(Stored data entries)

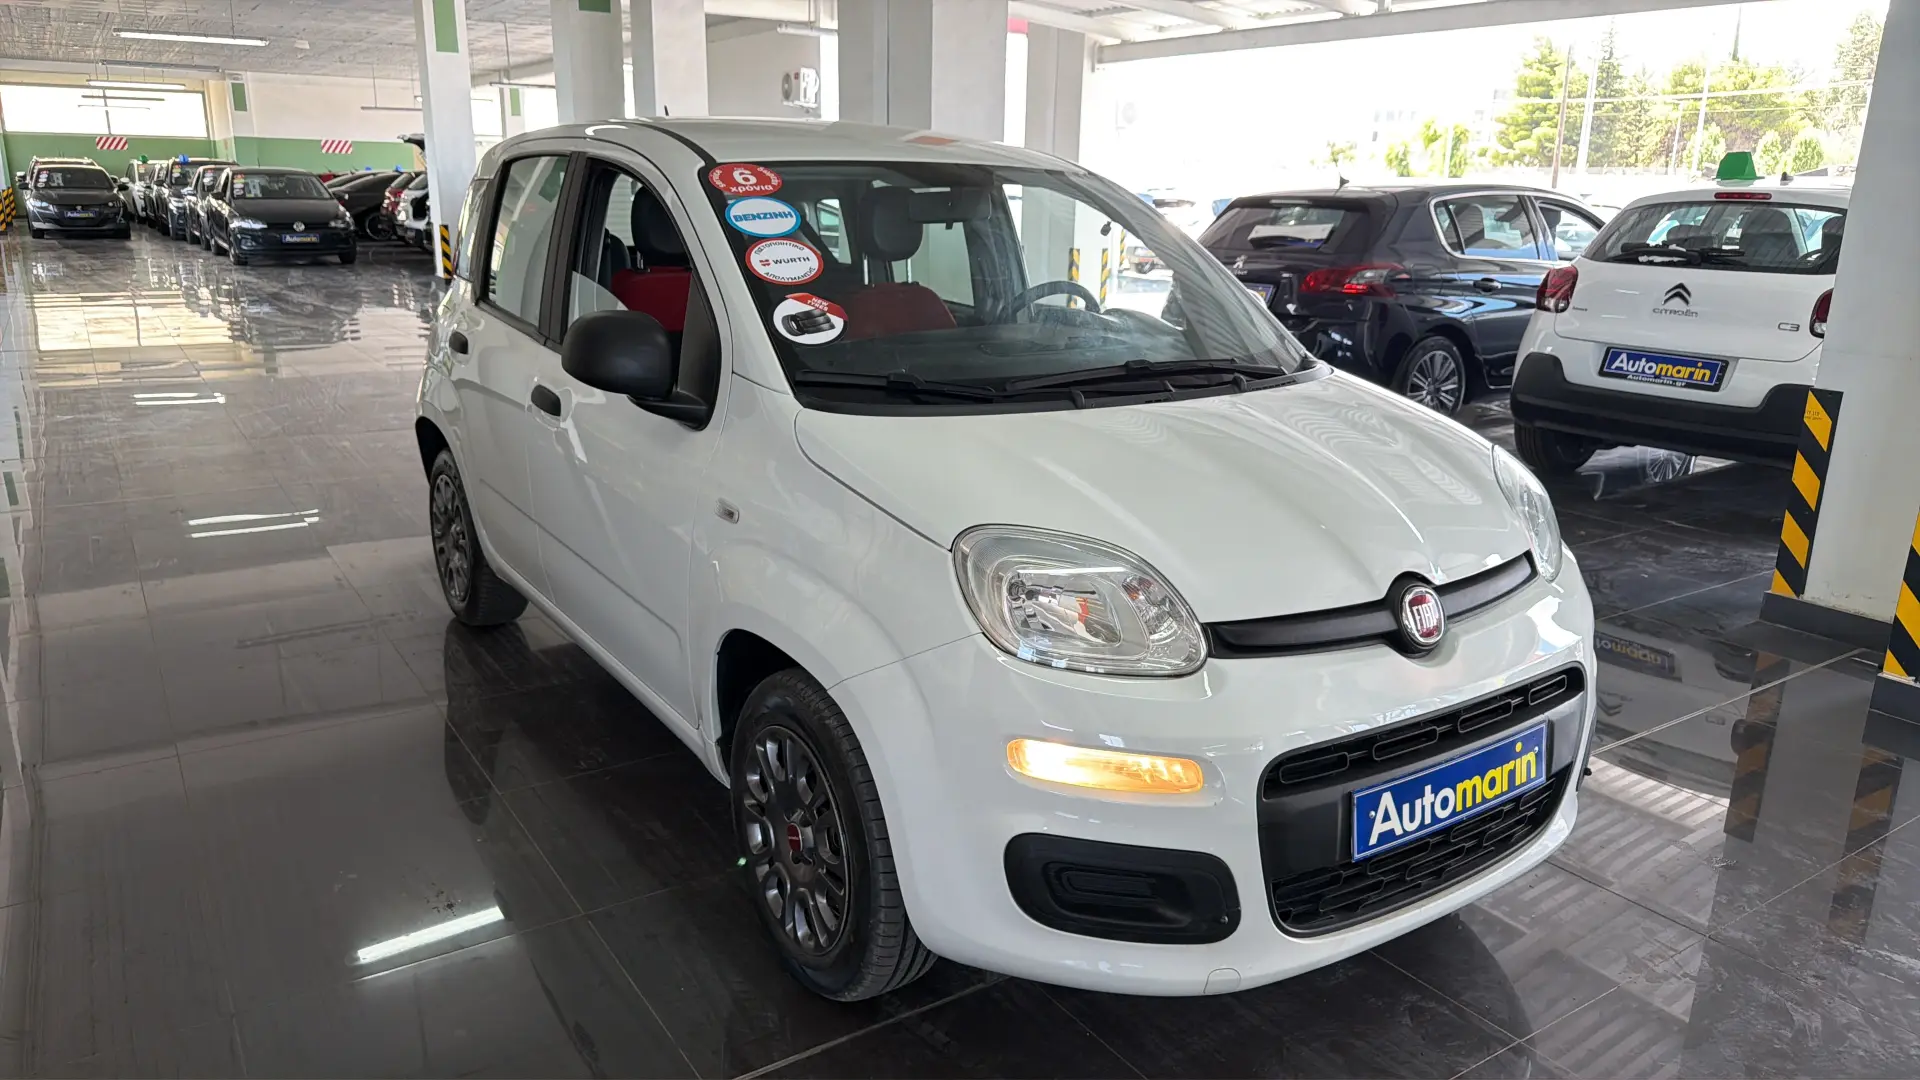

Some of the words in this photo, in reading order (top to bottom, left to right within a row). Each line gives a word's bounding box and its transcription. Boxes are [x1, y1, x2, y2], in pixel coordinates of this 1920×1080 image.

[733, 170, 757, 185] 6
[730, 185, 773, 193] χρόνια
[733, 211, 793, 222] ΒΕΝΖΙΝΗ
[1777, 322, 1800, 332] C3
[1610, 352, 1711, 382] Automarin
[1412, 603, 1438, 631] FIAT
[1368, 742, 1536, 846] Automarin
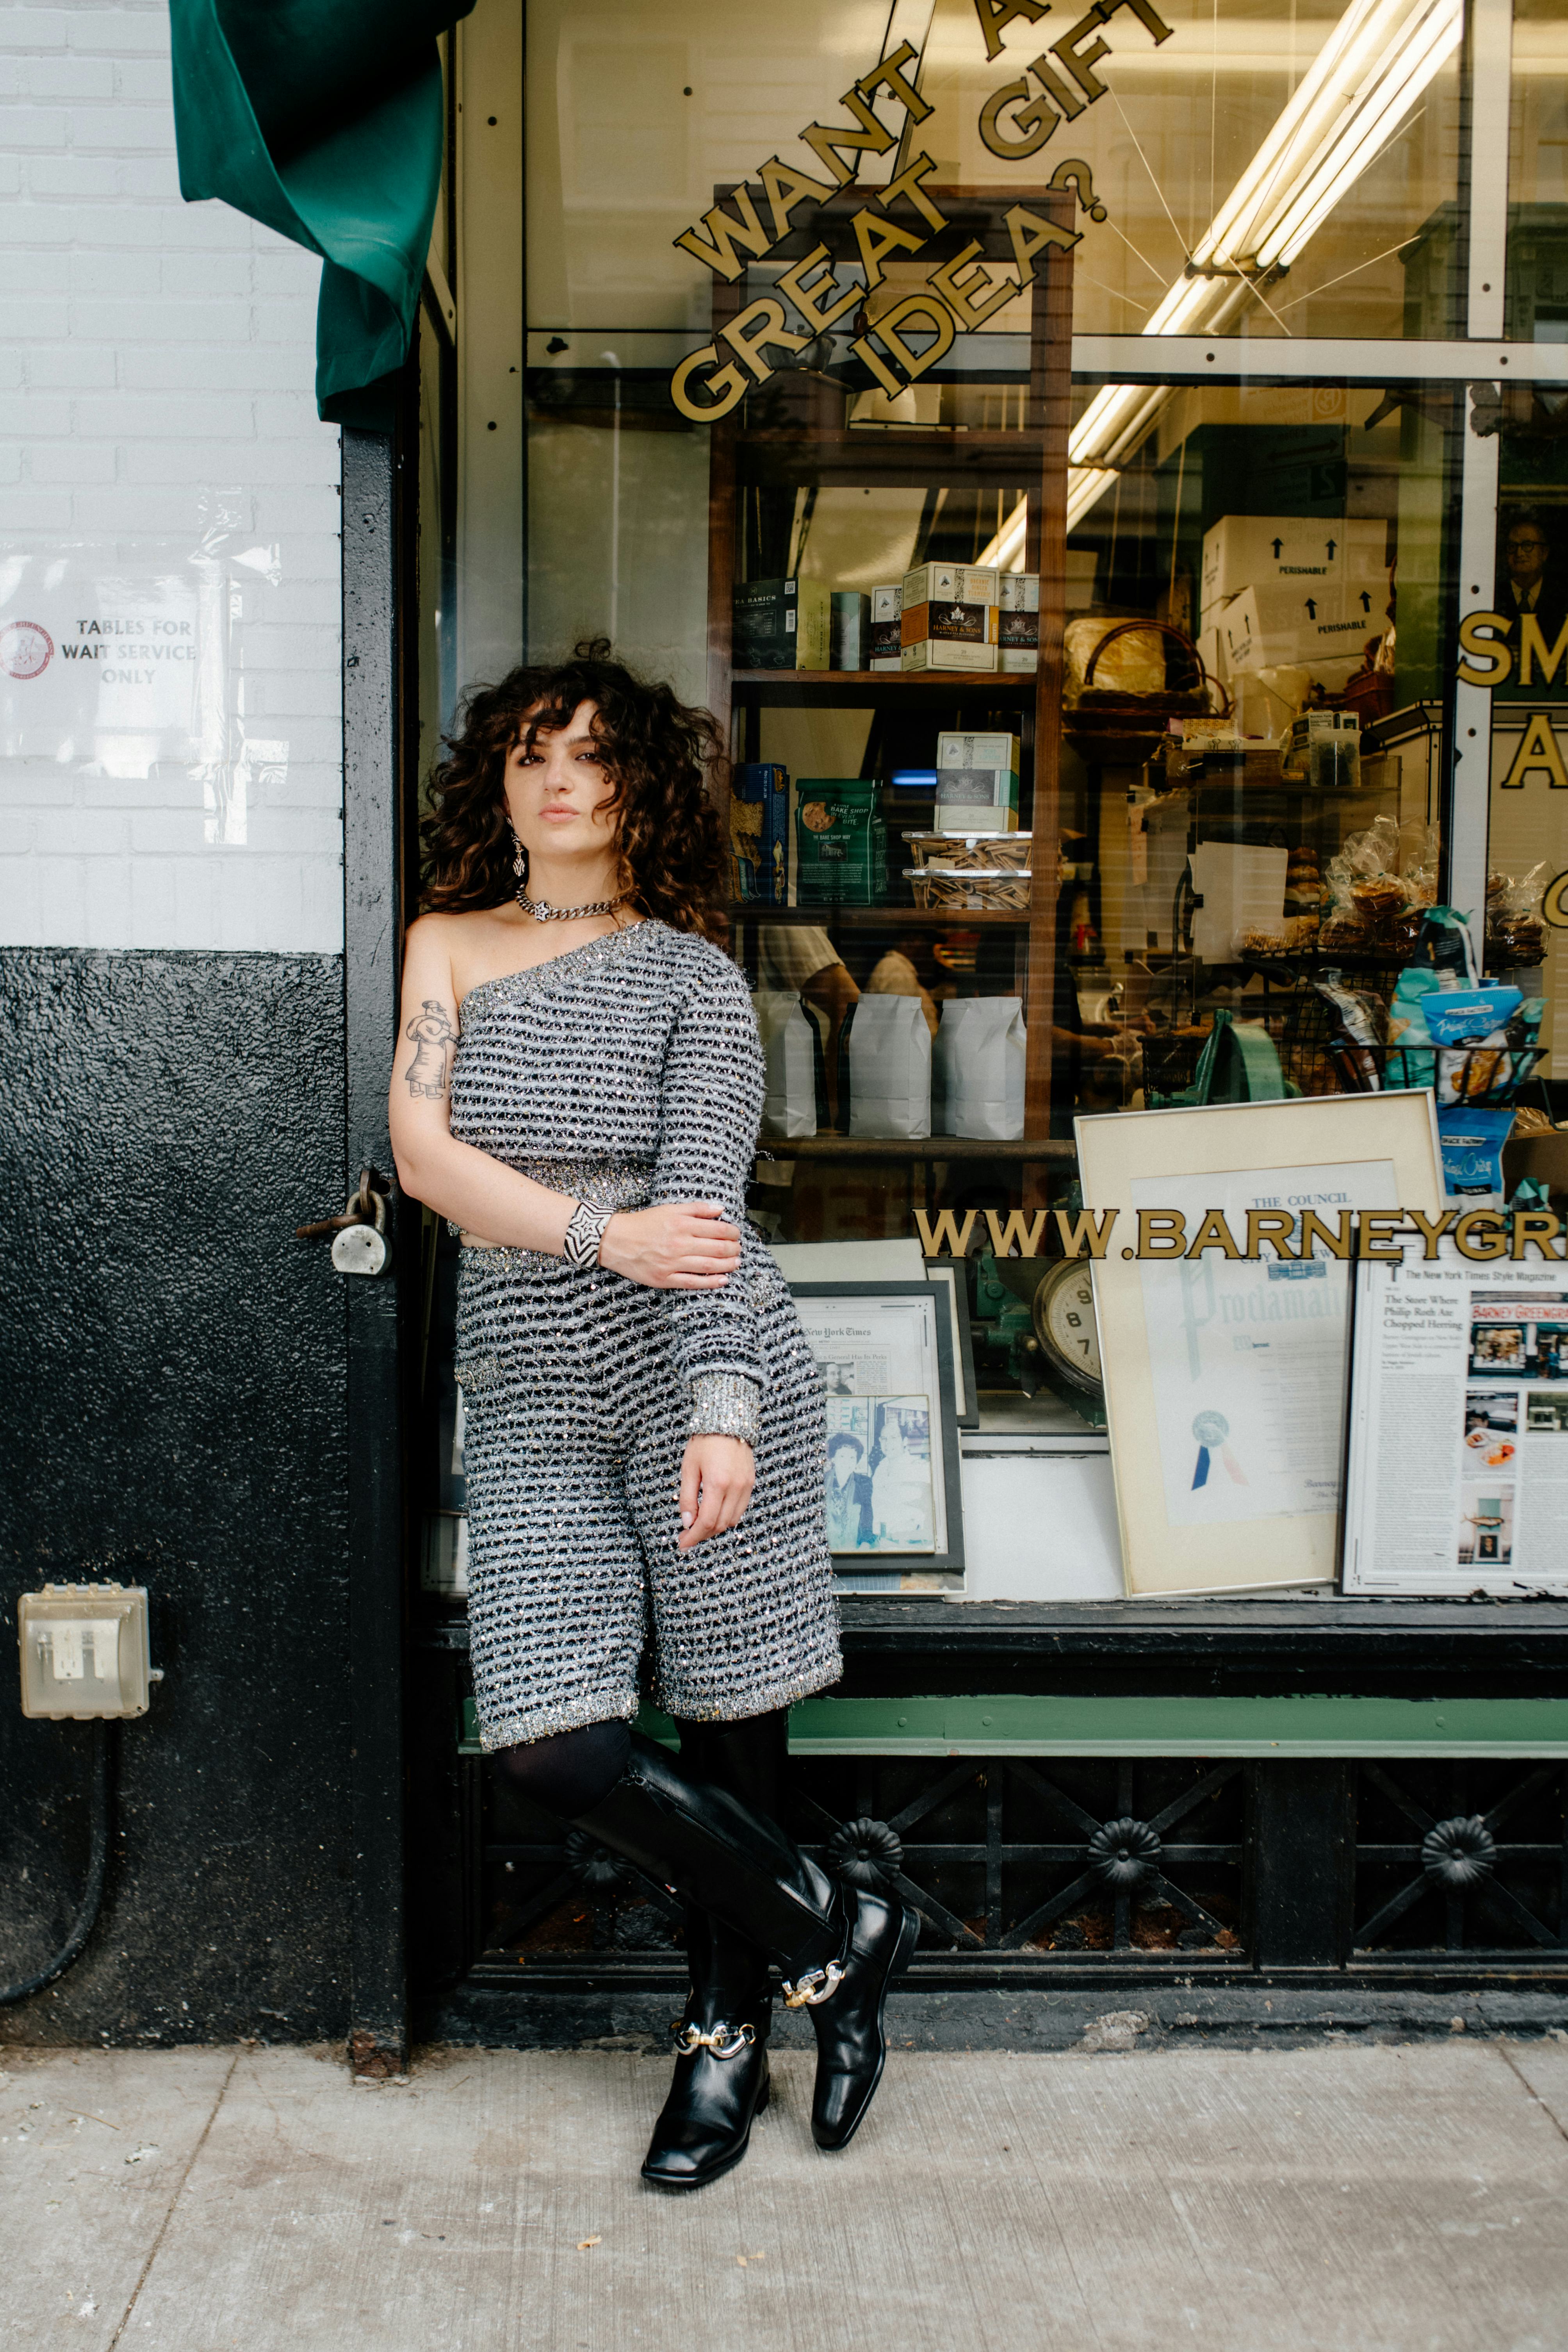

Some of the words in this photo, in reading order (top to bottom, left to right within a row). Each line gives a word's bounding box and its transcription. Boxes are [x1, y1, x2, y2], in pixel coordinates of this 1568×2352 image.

[673, 39, 936, 285] WANT
[974, 0, 1051, 62] A
[668, 150, 953, 426] GREAT
[978, 0, 1174, 161] GIFT
[846, 158, 1108, 403] IDEA?
[1279, 566, 1327, 575] PERISHABLE
[77, 620, 145, 634] TABLES
[153, 620, 192, 635] FOR
[1318, 620, 1366, 634] PERISHABLE
[62, 645, 110, 659] WAIT
[118, 645, 196, 660] SERVICE
[102, 669, 156, 684] ONLY
[831, 806, 848, 814] BAKE
[1252, 1197, 1281, 1208] THE
[1287, 1192, 1352, 1206] COUNCIL
[911, 1207, 1568, 1262] WWW.BARNEYGR
[1406, 1270, 1420, 1279] The
[1423, 1270, 1441, 1279] New
[1444, 1270, 1462, 1279] York
[1465, 1271, 1490, 1280] Times
[1492, 1271, 1513, 1282] Style
[1516, 1272, 1556, 1283] Magazine
[1077, 1290, 1092, 1304] 9
[1385, 1295, 1402, 1303] The
[1405, 1295, 1427, 1304] Store
[1429, 1295, 1458, 1304] Where
[1066, 1312, 1082, 1327] 8
[1472, 1305, 1512, 1319] BARNEY
[805, 1327, 822, 1336] New
[824, 1327, 844, 1338] York
[845, 1327, 871, 1336] Times
[1383, 1319, 1425, 1331] Chopped
[1427, 1320, 1463, 1331] Herring
[1077, 1338, 1090, 1354] 7

EXERCISE BRIEF -> Although the records above contain pictures, only their text is to be repeated, exactly as given.

EXERCISE ANSWER ->
Some of the words in this photo, in reading order (top to bottom, left to right within a row). Each line gives a word's bounding box and its transcription. Boxes are [x1, y1, x2, y2], in pixel coordinates of this 1920×1080 image.

[733, 170, 757, 185] 6
[730, 185, 773, 193] χρόνια
[733, 211, 793, 222] ΒΕΝΖΙΝΗ
[1777, 322, 1800, 332] C3
[1610, 352, 1711, 382] Automarin
[1412, 603, 1438, 631] FIAT
[1368, 742, 1536, 846] Automarin

Some of the words in this photo, in reading order (top to bottom, left to right within a row). Each line gives a word's bounding box and its transcription. Boxes are [x1, y1, x2, y2], in pixel coordinates of this 1568×2352 image.

[673, 39, 936, 285] WANT
[974, 0, 1051, 62] A
[668, 150, 953, 426] GREAT
[978, 0, 1174, 161] GIFT
[846, 158, 1108, 403] IDEA?
[1279, 566, 1327, 575] PERISHABLE
[77, 620, 145, 634] TABLES
[153, 620, 192, 635] FOR
[1318, 620, 1366, 634] PERISHABLE
[62, 645, 110, 659] WAIT
[118, 645, 196, 660] SERVICE
[102, 669, 156, 684] ONLY
[831, 806, 848, 814] BAKE
[1252, 1197, 1281, 1208] THE
[1287, 1192, 1352, 1206] COUNCIL
[911, 1207, 1568, 1262] WWW.BARNEYGR
[1406, 1270, 1420, 1279] The
[1423, 1270, 1441, 1279] New
[1444, 1270, 1462, 1279] York
[1465, 1271, 1490, 1280] Times
[1492, 1271, 1513, 1282] Style
[1516, 1272, 1556, 1283] Magazine
[1077, 1290, 1092, 1304] 9
[1385, 1295, 1402, 1303] The
[1405, 1295, 1427, 1304] Store
[1429, 1295, 1458, 1304] Where
[1066, 1312, 1082, 1327] 8
[1472, 1305, 1512, 1319] BARNEY
[805, 1327, 822, 1336] New
[824, 1327, 844, 1338] York
[845, 1327, 871, 1336] Times
[1383, 1319, 1425, 1331] Chopped
[1427, 1320, 1463, 1331] Herring
[1077, 1338, 1090, 1354] 7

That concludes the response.